I’ve had this for quite a few years, for $199 a month. It’s billed to my credit card – I don’t know whether a debit card would be accepted. They keep changing and chopping the plans, so I don’t know what mine is called – let me check.

Ah, here we go. It’s called *TELCEL MAX 1000 L*, and it gives me 1.5 GB a month. If I go over, I can be billed extra (doesn’t happen often). If my home wifi goes off and I just need a couple hours of data without it eating into my monthly allowance, I can send the code ILIM30 to the number 5050 (as an SMS) and I get 2 hours unlimited data for 15 pesos.


----------



## eastwind (Jun 18, 2016)

Thanks! I'll ask to see if that's still available for new customers. Sounds perfect.


----------



## eastwind (Jun 18, 2016)

I downloaded the mi telcel app, and made a login with my phone number, and bought a one-month package. I think it replaced my current package, which would have expired on the 7th at 00:00, so I lost a day and a half, but oh well. Should have done this tomorrow but I was thinking today was the last day not tomorrow.

Buying with my card through the app, I got an email and it said next time I can activate "scheduled purchase". So I think that was what I was looking for, I need to do it manually one more time and check that box and they'll keep charging me 200 pesos a month. 

For amounts that small and nonvarying and regular, I don't mind having them 'pull' money rather than having to go into my bank and push. I looked in the pay services section of my banking app, and got telcel registered, but it wanted an account number (besides the telephone) that I didn't have - at least not till I went through the process above with mi telcel. So I think from here I could do it either way, because I now have the account number in addition to the telephone number. 

It didn't seem to make any difference that it was a debit card vs a credit card. Or that my name isn't actually on the debit card - they just needed the numbers and my zip code.


----------



## maesonna (Jun 10, 2008)

Looks like you’re going to be all set. I started the plan long enough ago that I had to go in person to set it up, and there was no Mi telcel app at the time.

Another way I just recently learned about for getting extra time was when our home internet went out and it looked like it was going to be out for days, so I was going to be using up a lot of data.
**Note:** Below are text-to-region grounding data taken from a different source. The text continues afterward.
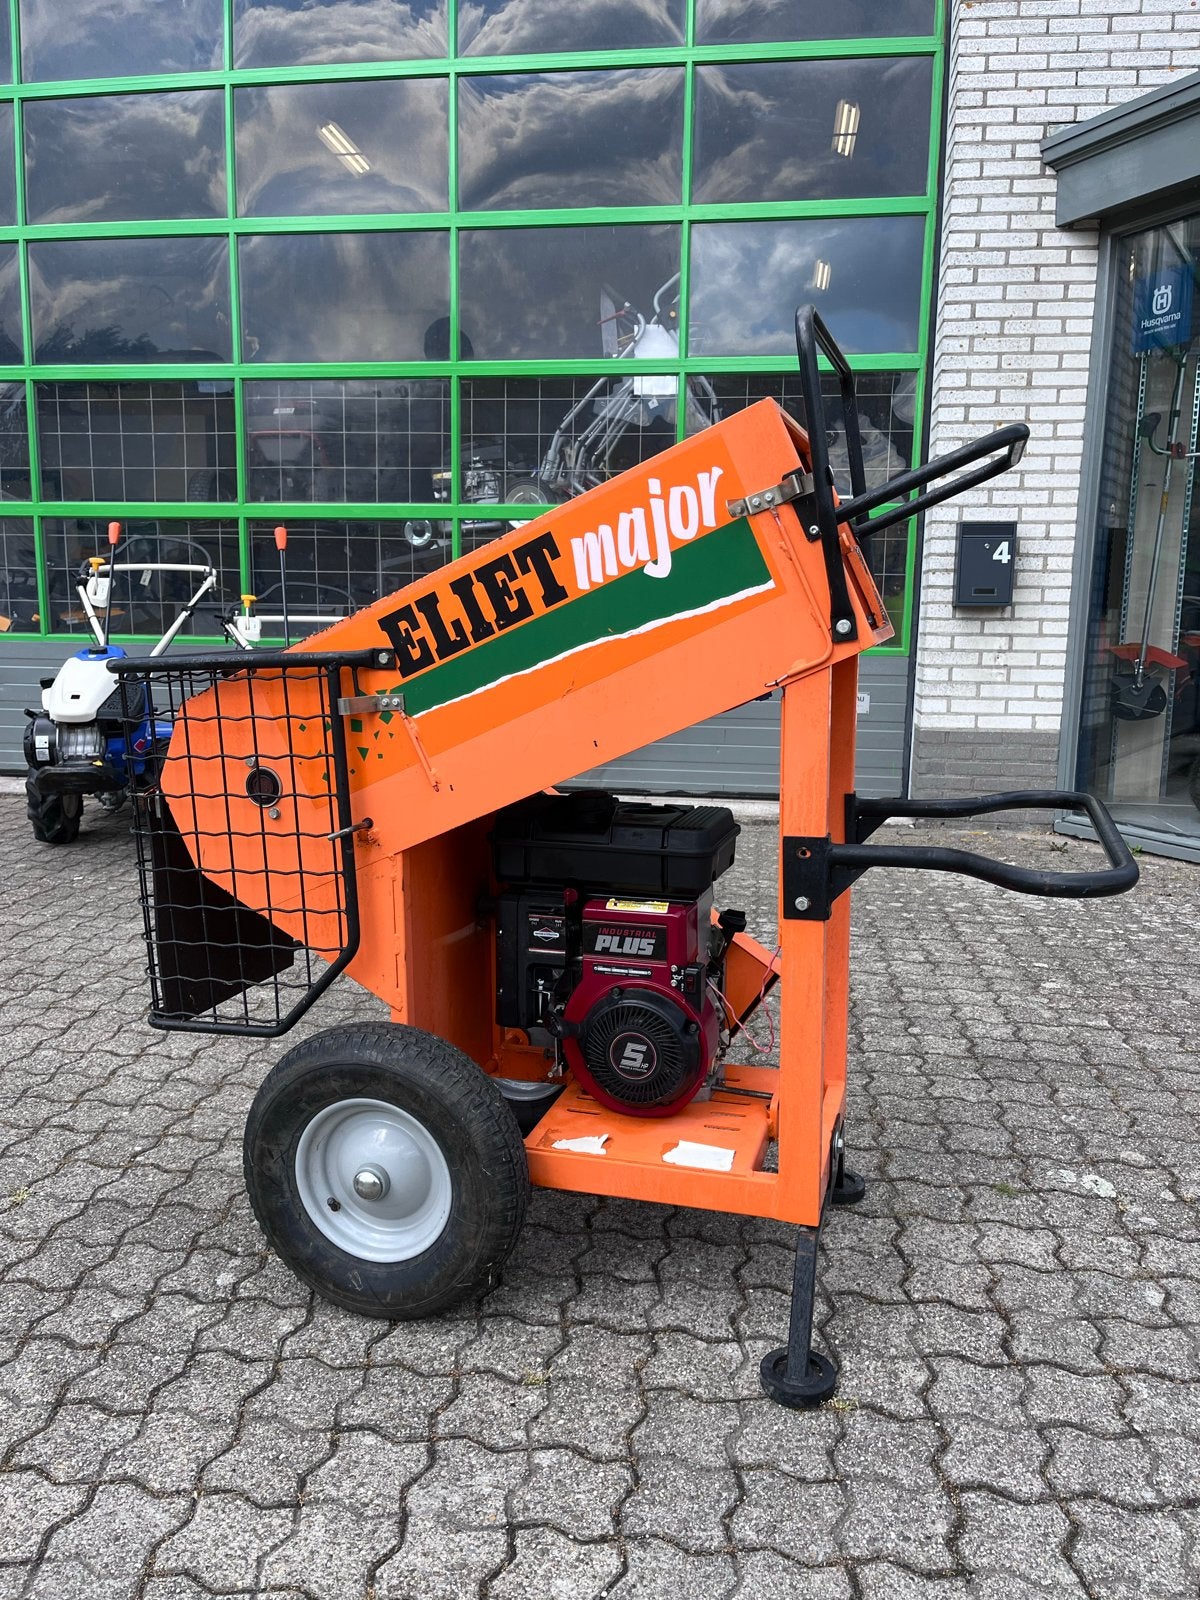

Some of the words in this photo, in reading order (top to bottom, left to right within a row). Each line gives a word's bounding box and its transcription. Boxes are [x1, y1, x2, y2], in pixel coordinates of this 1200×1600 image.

[1141, 312, 1181, 329] Husqvarna
[992, 541, 1012, 564] 4
[377, 531, 569, 679] ELIET
[570, 466, 724, 590] major
[598, 927, 657, 939] INDUSTRIAL
[594, 934, 656, 956] PLUS
[620, 1042, 648, 1068] 5
I got a Paquete Más Datos 1GB for $99. However, it seems that only lasts from the time you activate it until the end of the current billing period.


----------



## eastwind (Jun 18, 2016)

Yes, thanks very much for all the help and suggestions.
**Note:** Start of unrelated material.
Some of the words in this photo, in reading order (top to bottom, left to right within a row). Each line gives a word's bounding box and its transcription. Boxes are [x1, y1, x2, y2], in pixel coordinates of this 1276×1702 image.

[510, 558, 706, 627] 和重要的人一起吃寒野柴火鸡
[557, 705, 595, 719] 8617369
PS: the plan I have is paquete Amigo Sin Limites 200 (SL200), it gives 3 GB plus unlimited text/SMS & voice including US & Canada, unlimited "national social networks" data (facebook, whatsapp, etc), and 500 MB of music through claro-musica app, for 30 days

I wish it was one month instead of 30 days, the billing cycle will keep changing back one day for 31 day months, but eh.

I also saw the 15 peso deal you mentioned for 2 hours of unlimited data, that was available through the app.
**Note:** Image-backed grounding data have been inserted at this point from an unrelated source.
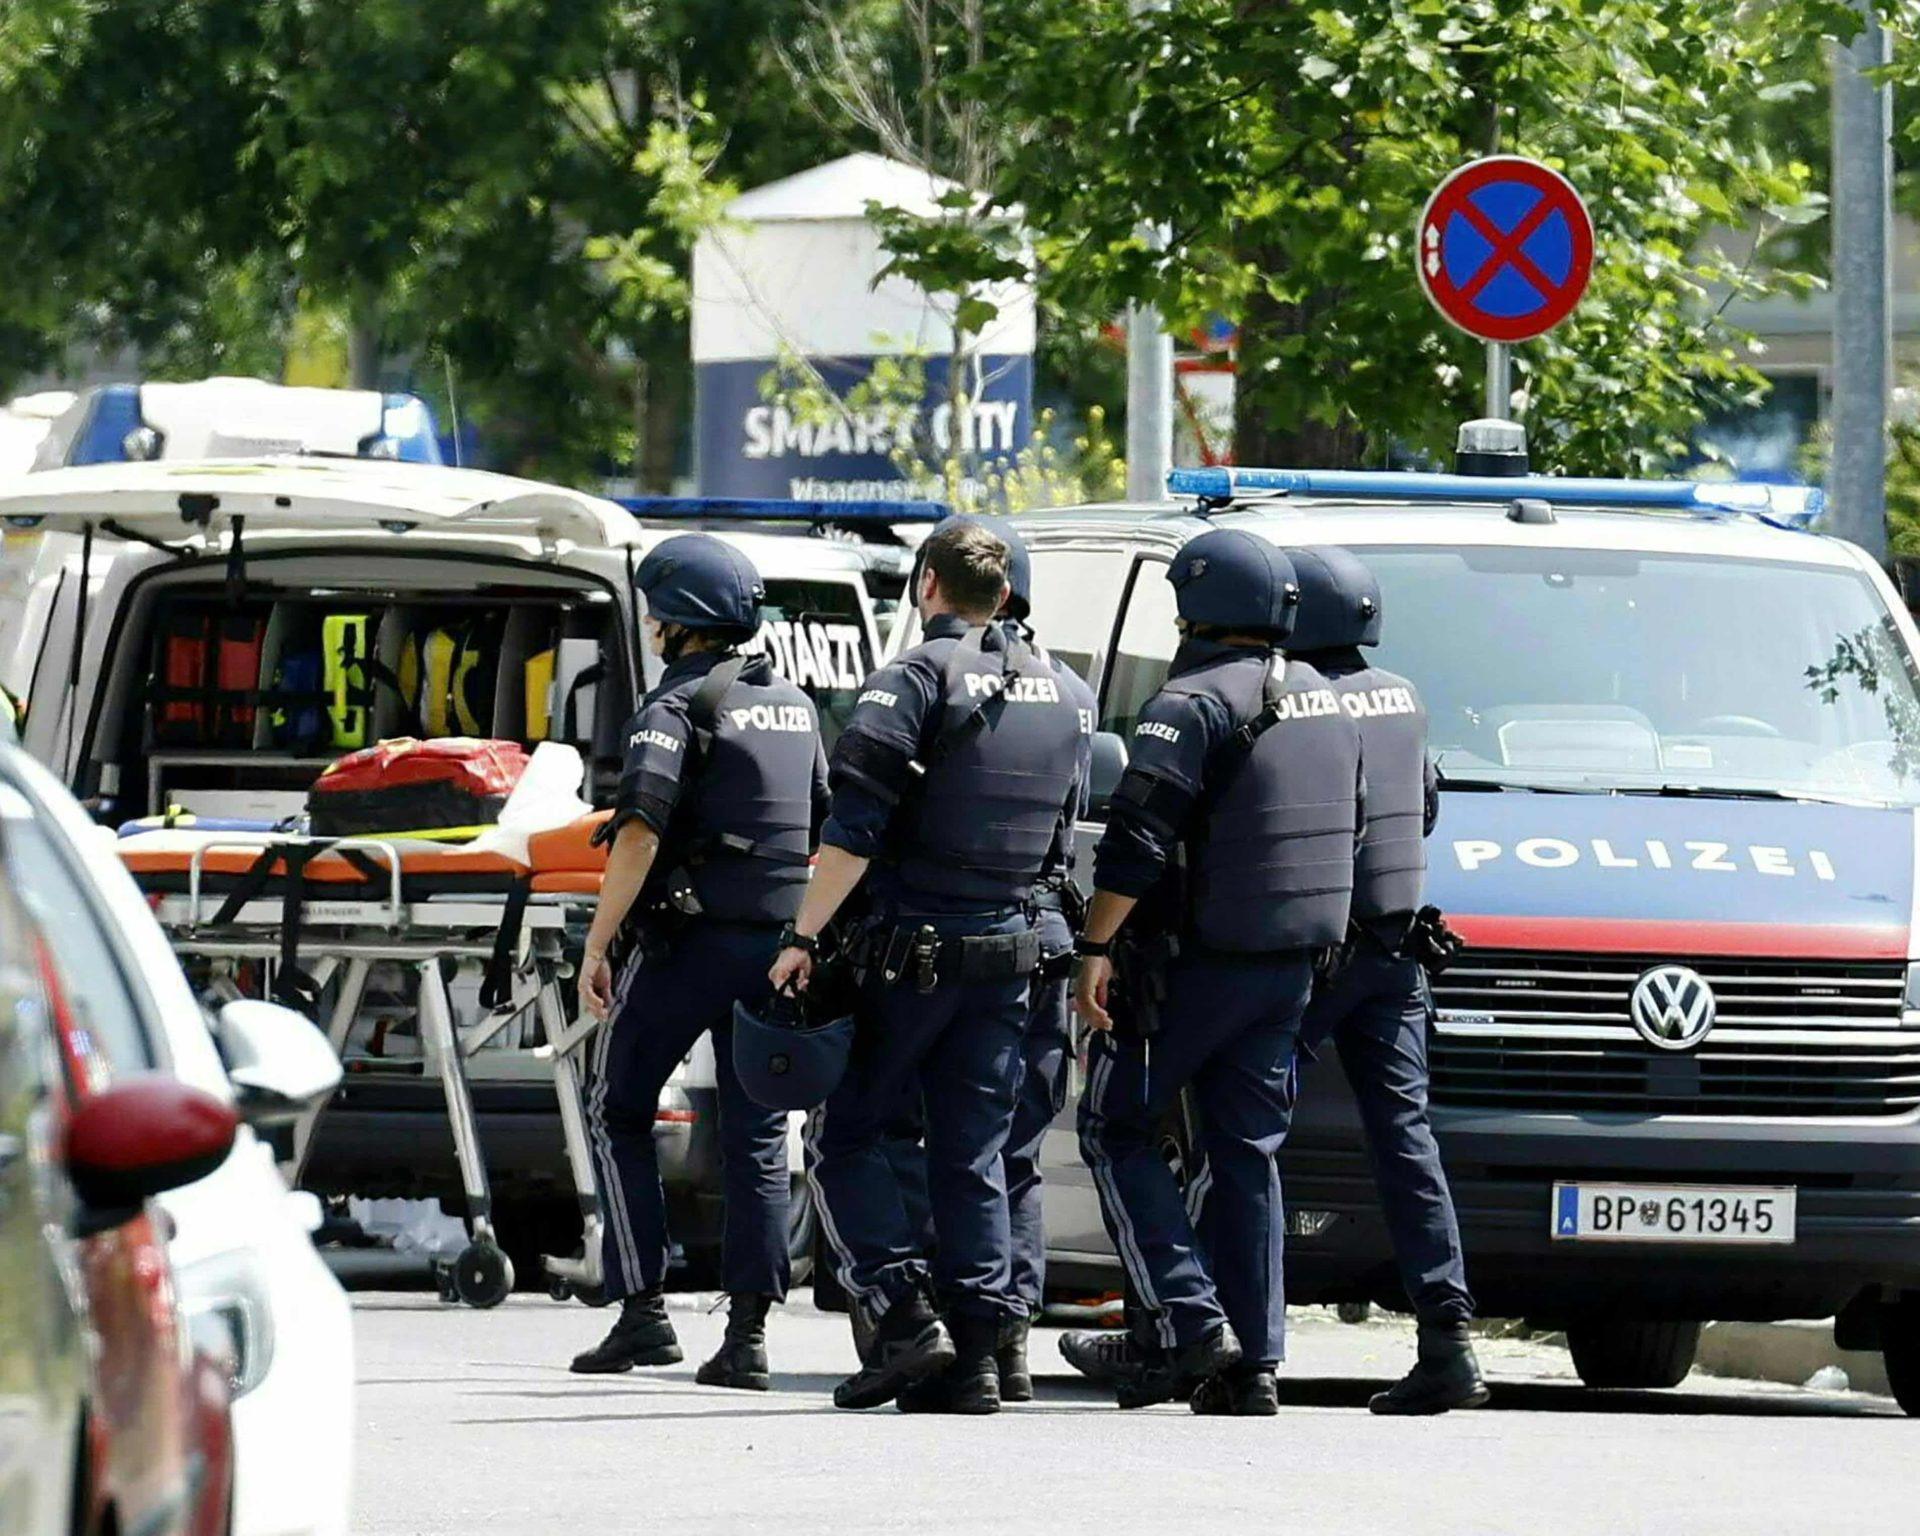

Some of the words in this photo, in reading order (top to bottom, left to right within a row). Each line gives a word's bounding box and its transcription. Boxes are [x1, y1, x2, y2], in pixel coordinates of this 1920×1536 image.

[744, 404, 919, 459] SMART
[932, 400, 1017, 451] CITY
[736, 619, 865, 690] OTARZT
[730, 704, 812, 732] POLIZEI
[1275, 688, 1340, 721] OLIZEI
[1341, 686, 1416, 719] OLIZEI
[629, 729, 679, 753] POLIZEI
[1452, 837, 1836, 881] POLIZEI
[1593, 1195, 1636, 1232] BP
[1666, 1197, 1774, 1234] 61345
Overall it's such a great deal compared to US plans.


----------



## MaxAlex (Oct 7, 2021)

eastwind said:


> So as of a couple months ago I have a phone with a Telcel chip and Mexican phone number, and I've been pre-paying it every month on the SL200 plan. That works fine for me, but it's kind of a minor hassle to keep recharging it manually, even once a month. The last time I didn't notice it was time until I was out away from home (and my wifi connection) and had no connectivity. Fortunately there's always an OXXO close by.
> 
> But what I'd _really _like, if they offer it, is to just have them ding my Banamex debit card for 200 pesos automatically (until I say stop) without me having to push the transaction each month. Is there a way to get that?
> 
> ...


Were you ever able to get this to work? I haven't been able to setup the recurring option either. I also don't really understand how the Friend Balance works together w/the package. Every time I click on the recurring option I get an error message. Please let me know how it worked for you. Thanks.


----------



## eastwind (Jun 18, 2016)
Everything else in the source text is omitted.